Additional Surgical Factors Affecting the Recurrence of Hallux Valgus After Ludloff Osteotomy
Researchers reviewed 91 patients (103 feet) who underwent a Ludloff osteotomy combined with additional treatments to assess factors affecting the recurrence of hallux valgus after the procedure. According to the combined procedures performed, patients were divided into three groups: Group I (31 feet; first web space release), Group II (35 feet; Akin osteotomy and trans-articular release) or Group III (37 feet; Akin osteotomy, supplementary axial Kirschner (K-) wire fixation and trans-articular release). Each group was then further subdivided into severe and moderate deformities.

The mean hallux valgus angle correction of Group II was significantly greater than that of Group I (p = 0.001). The mean intermetatarsal angle correction of Group III was significantly greater than that of Group II (p < 0.001). In severe deformities, postoperative incongruity of the first metatarsophalangeal joint was least common in Group I (p = 0.026). Akin osteotomy significantly increased correction of the hallux valgus angle, while a supplementary K-wire significantly reduced the later loss of intermetatarsal angle correction.

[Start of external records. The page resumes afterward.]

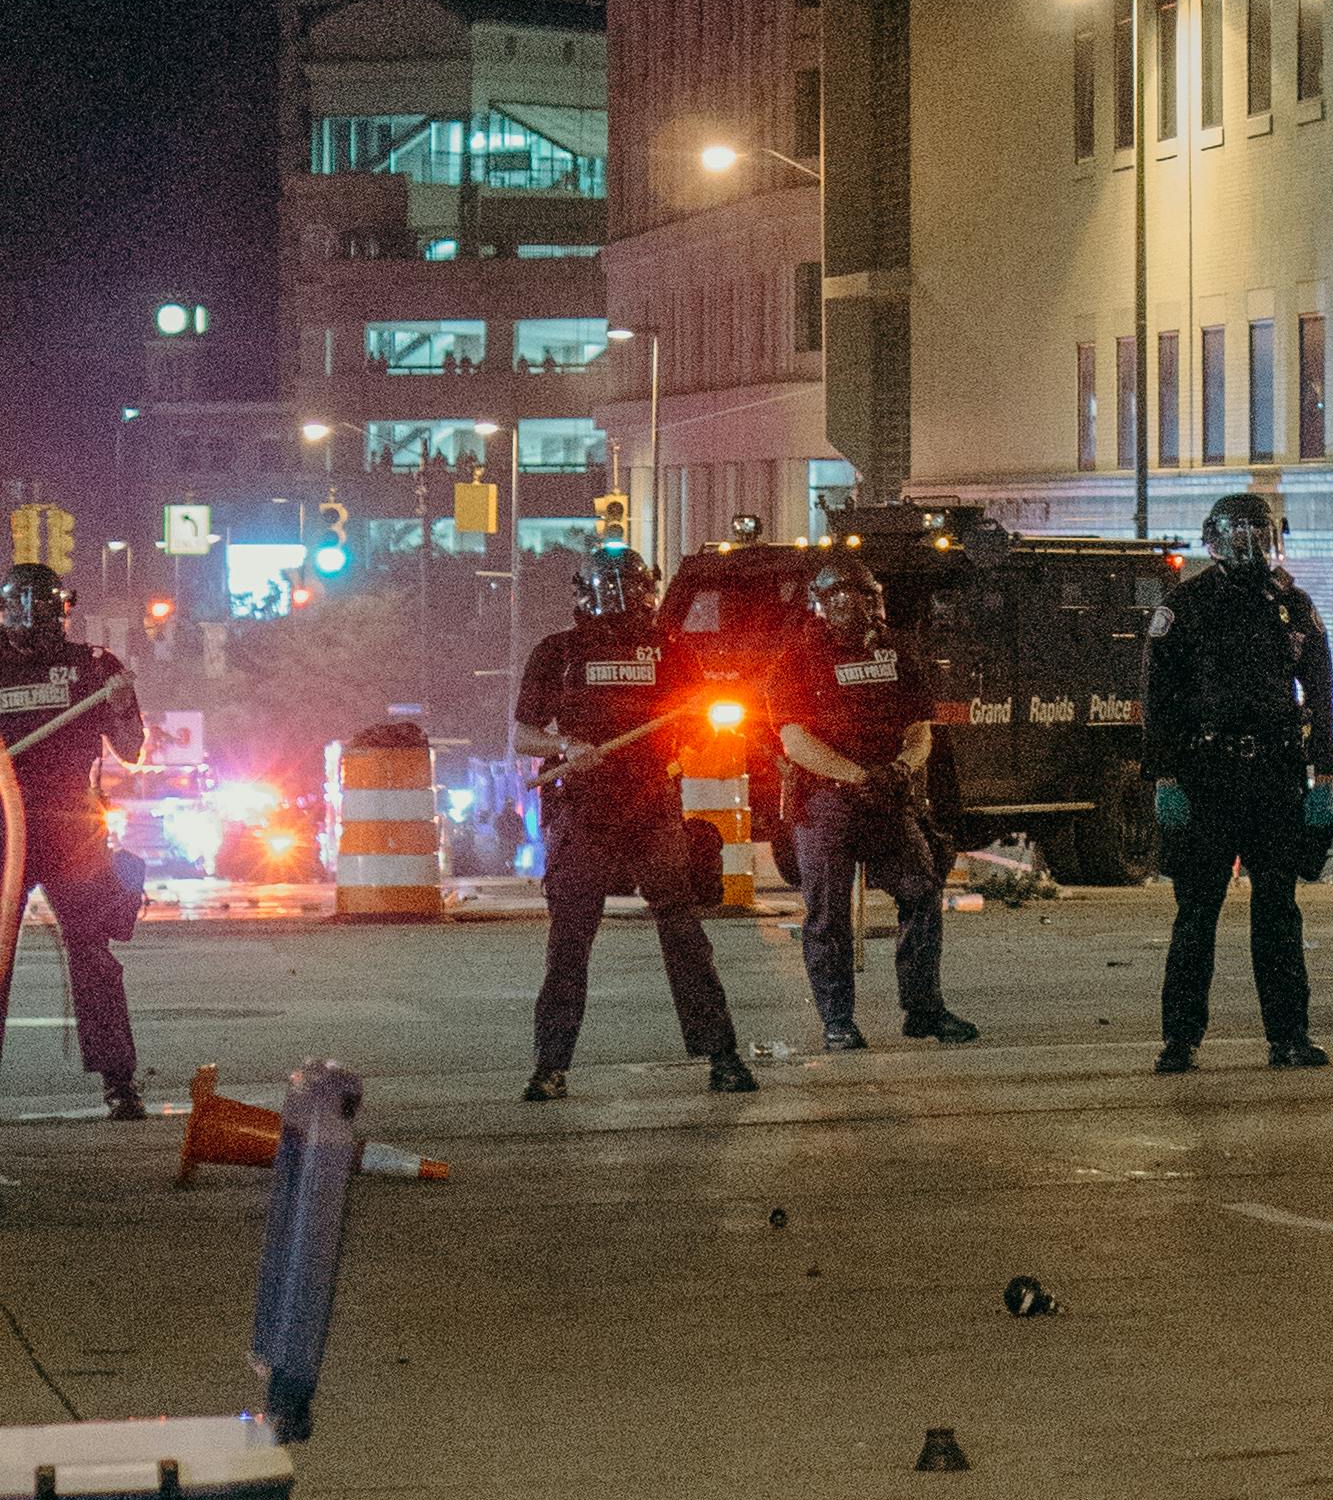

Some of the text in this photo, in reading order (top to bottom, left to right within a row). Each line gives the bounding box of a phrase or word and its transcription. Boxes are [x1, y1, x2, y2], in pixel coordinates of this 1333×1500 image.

[636, 646, 662, 661] 621
[588, 665, 653, 681] STATE POLICE
[969, 694, 1132, 727] Grand Rapids Police
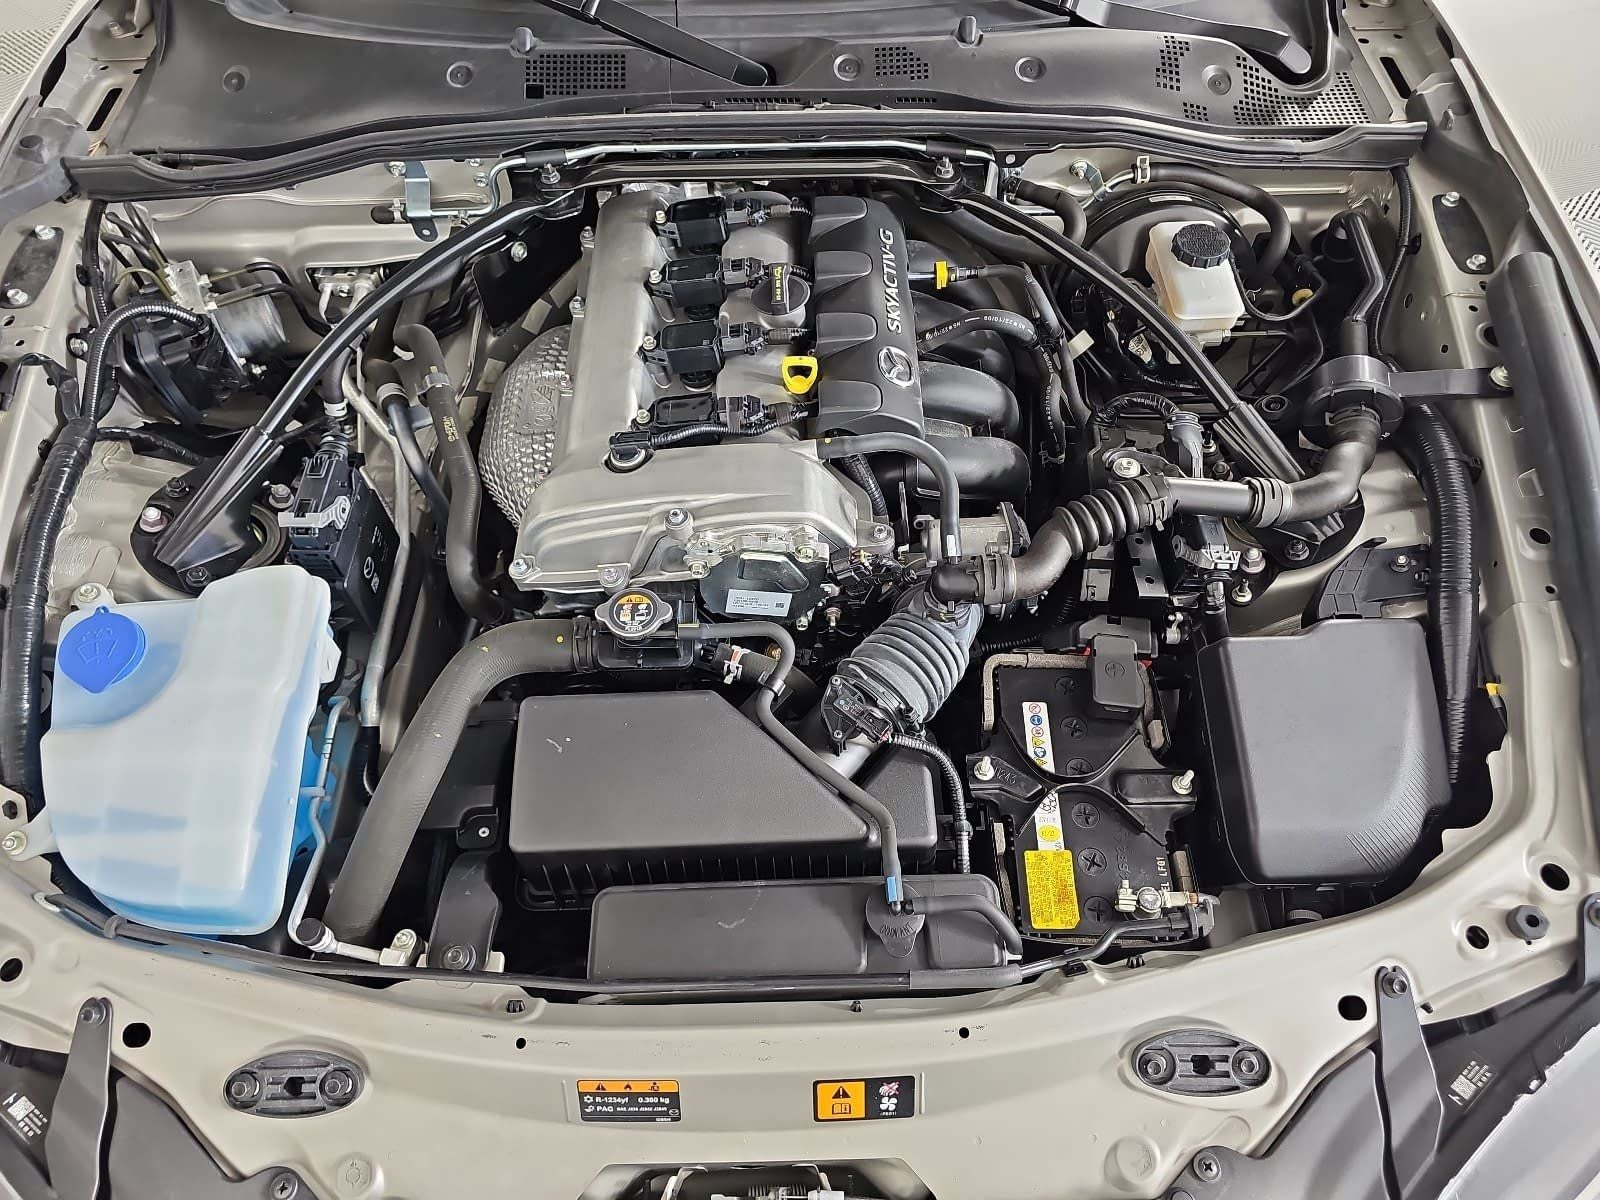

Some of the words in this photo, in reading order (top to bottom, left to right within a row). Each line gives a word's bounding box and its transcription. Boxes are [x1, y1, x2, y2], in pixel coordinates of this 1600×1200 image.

[879, 228, 902, 335] SKYACTIV-G
[595, 1096, 629, 1104] R-1234yf
[659, 1096, 670, 1104] kg
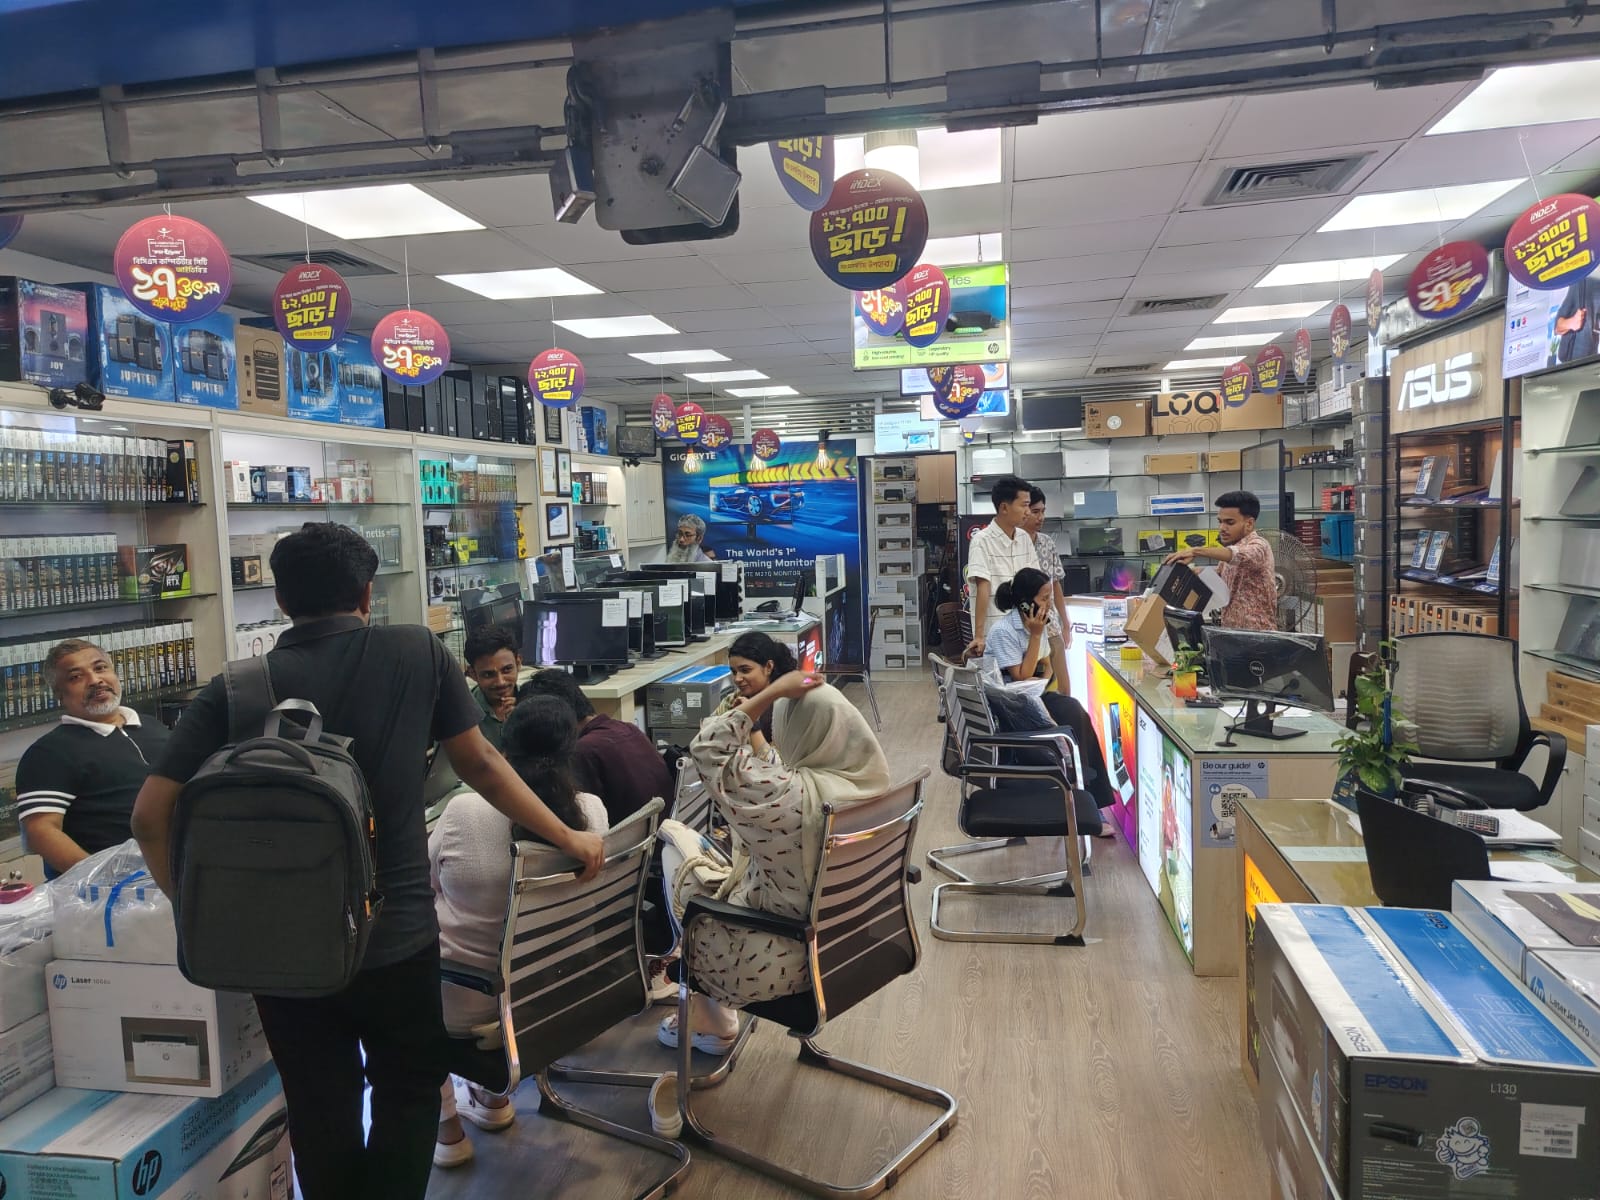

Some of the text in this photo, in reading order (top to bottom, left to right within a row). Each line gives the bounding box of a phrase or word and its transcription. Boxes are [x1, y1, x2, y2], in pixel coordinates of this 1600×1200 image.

[1530, 200, 1558, 222] INDEX
[948, 276, 971, 286] ries
[907, 289, 932, 307] ২,৭০০
[1397, 352, 1474, 411] ASUS
[1152, 391, 1220, 417] LOQ
[670, 452, 716, 461] GIGBYTE
[365, 530, 385, 538] netis
[725, 549, 743, 557] The
[746, 548, 783, 557] World's
[742, 561, 772, 569] aming
[1228, 762, 1251, 770] guide!
[53, 974, 67, 990] hp
[71, 976, 92, 985] Laser
[1549, 994, 1590, 1037] LaserJet Pro
[1344, 1026, 1371, 1053] EPSON
[1364, 1073, 1428, 1091] EPSON
[1490, 1083, 1517, 1095] L130
[132, 1150, 162, 1196] hp
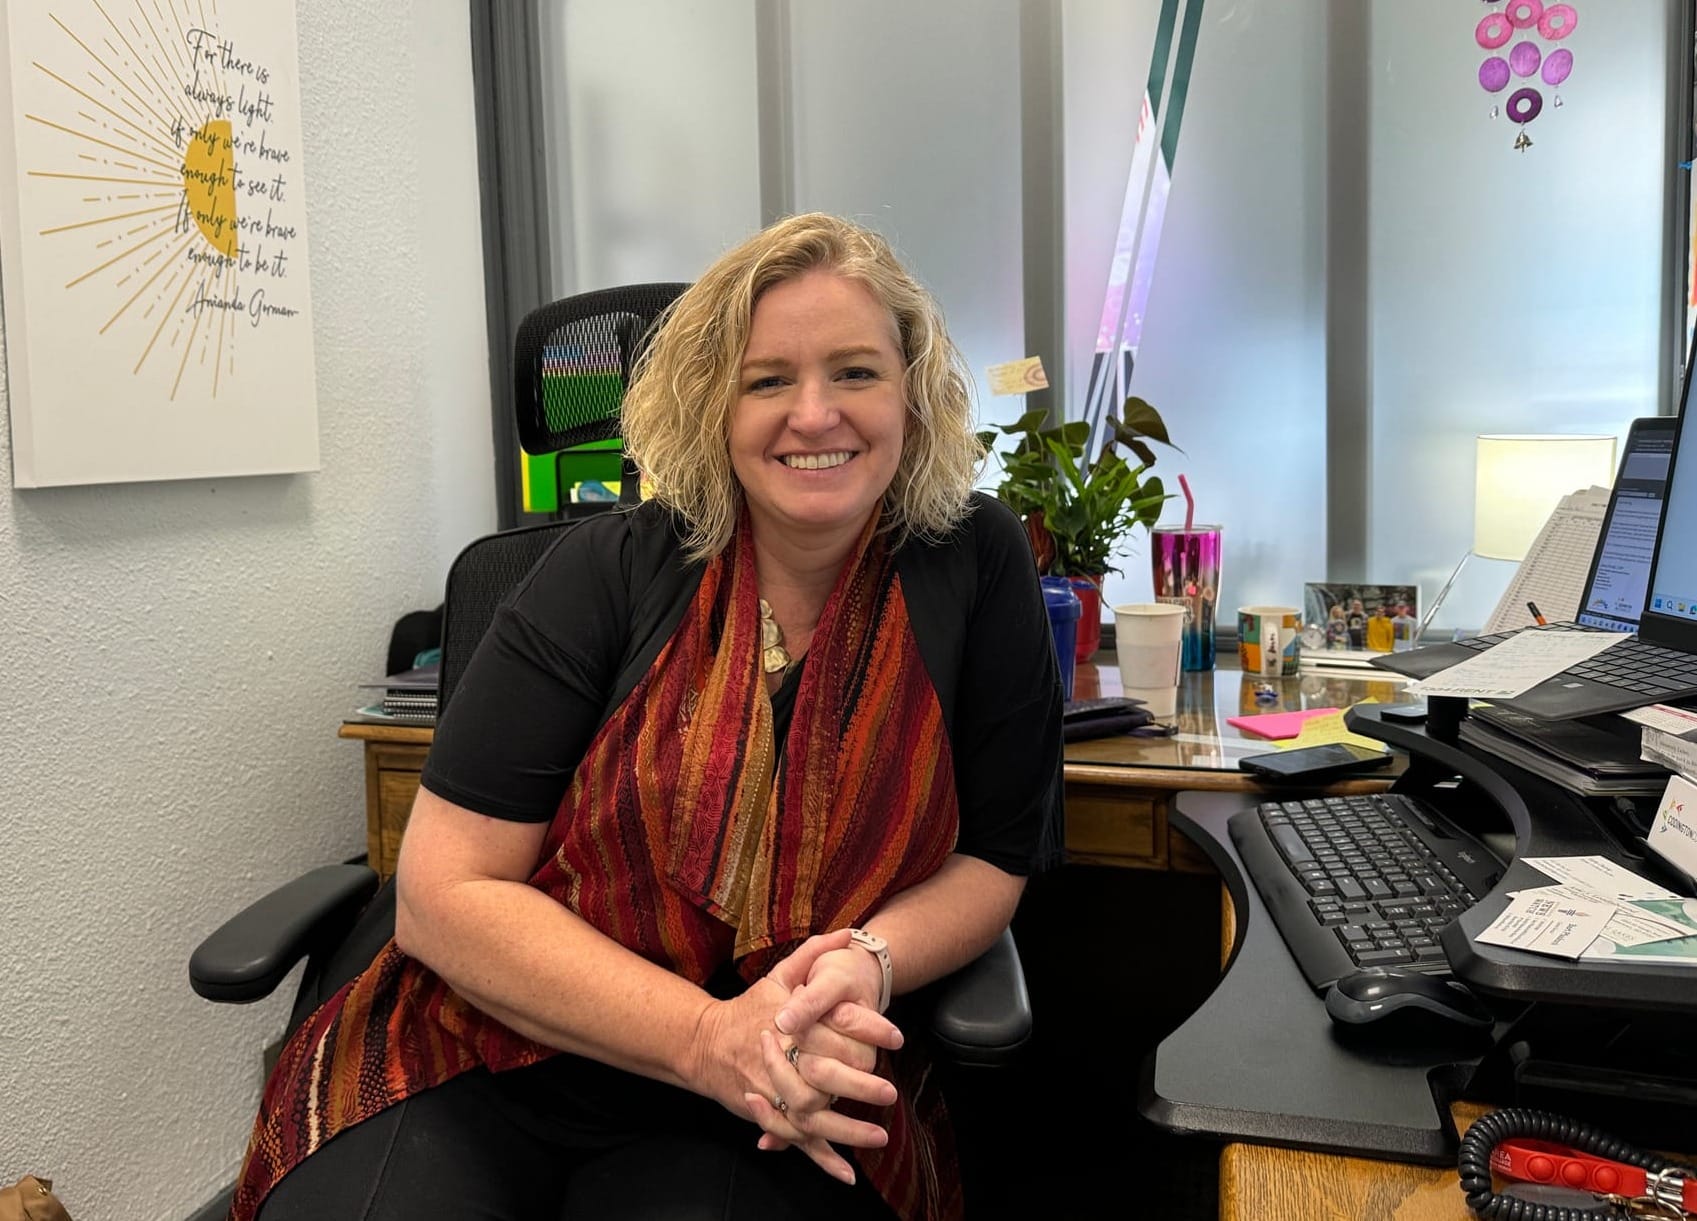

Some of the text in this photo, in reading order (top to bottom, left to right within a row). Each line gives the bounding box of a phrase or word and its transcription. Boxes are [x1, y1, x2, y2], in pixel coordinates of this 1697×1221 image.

Additionally, HAVING NO K-wire fixation (OR 5.05, 95 CI 1.21, 24.39); p = 0.032) and the preoperative hallux valgus angle (OR 2.20, 95 CI 1.11, 4.73; p = 0.001) were shown to be factors affecting recurrence of hallux valgus after Ludloff osteotomy.

From the article of the same title
Bone & Joint Journal (06/13) Vol. 95-B, No. 6, P. 803 Choi, G.W.; Choi, W.J.; Yoon, H.S.; et al.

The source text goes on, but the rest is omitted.